Write out the data that follows exactly, keeping every picture out.

-------- THE DATA

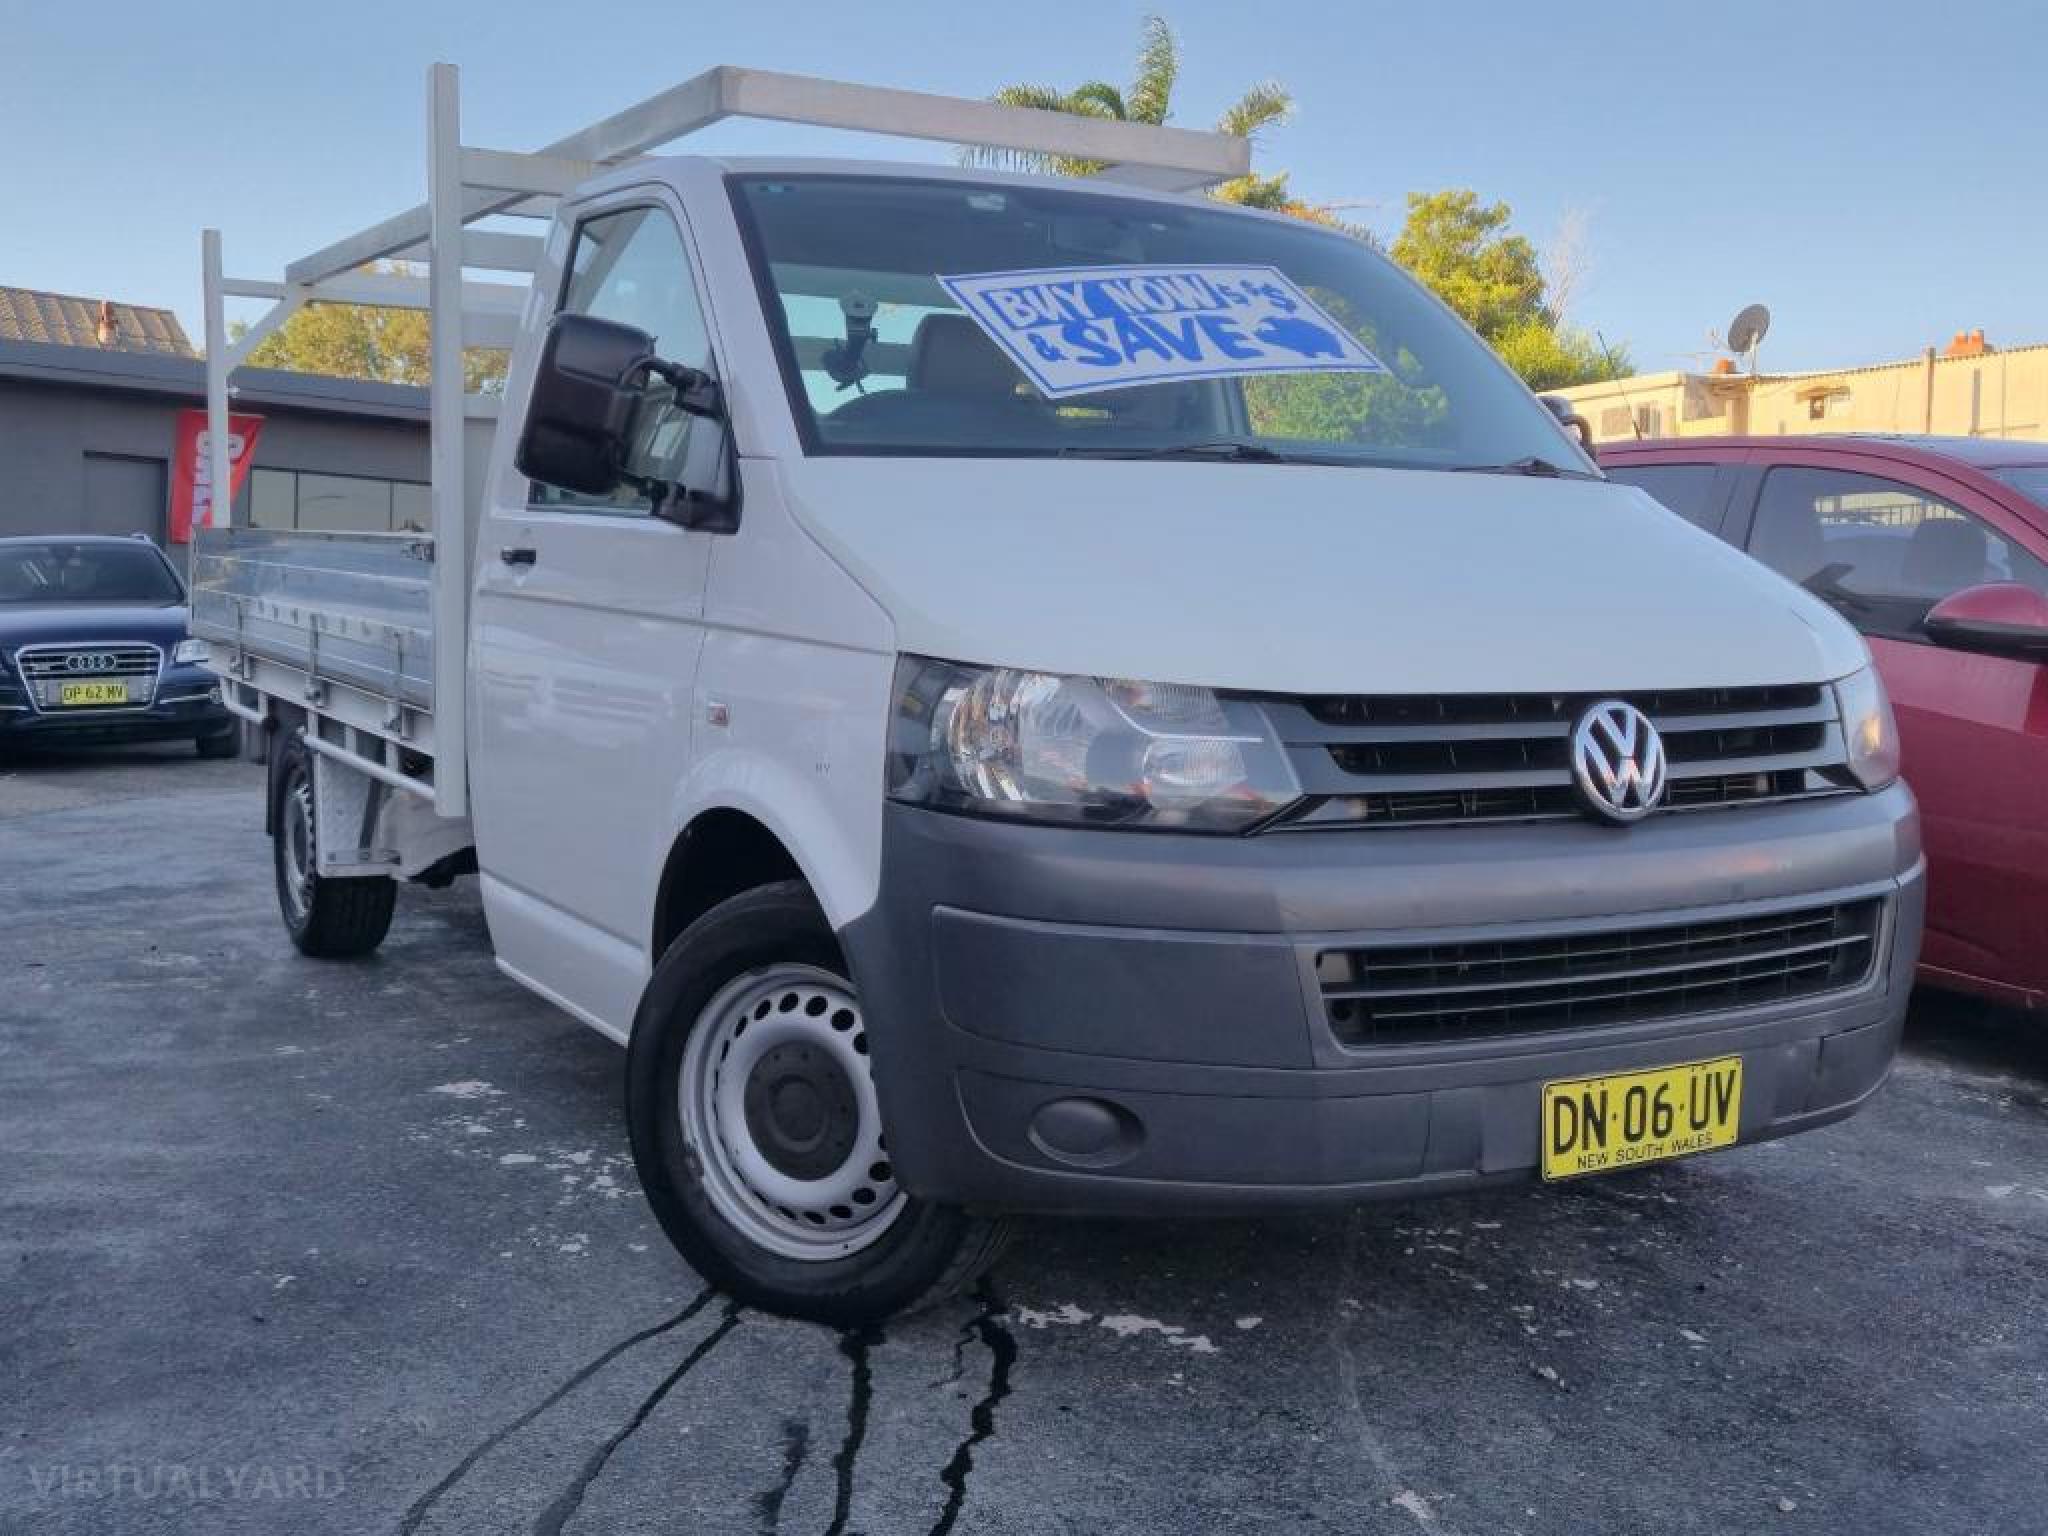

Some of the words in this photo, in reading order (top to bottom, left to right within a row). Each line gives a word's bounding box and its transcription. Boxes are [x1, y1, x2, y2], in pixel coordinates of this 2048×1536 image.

[999, 279, 1094, 327] BUY
[1101, 273, 1210, 314] NOW
[1027, 333, 1068, 362] &
[1063, 314, 1265, 367] SAVE
[1577, 1152, 1609, 1169] NEW
[1615, 1143, 1665, 1163] SOUTH
[1671, 1131, 1714, 1153] WALES

----------------

• WRITTEN SOLUTION:
Some of the words in this photo, in reading order (top to bottom, left to right within a row). Each line gives a word's bounding box and its transcription. Boxes are [x1, y1, x2, y2], in pixel coordinates of this 2048×1536 image.

[999, 279, 1094, 327] BUY
[1101, 273, 1210, 314] NOW
[1027, 333, 1068, 362] &
[1063, 314, 1265, 367] SAVE
[1577, 1152, 1609, 1169] NEW
[1615, 1143, 1665, 1163] SOUTH
[1671, 1131, 1714, 1153] WALES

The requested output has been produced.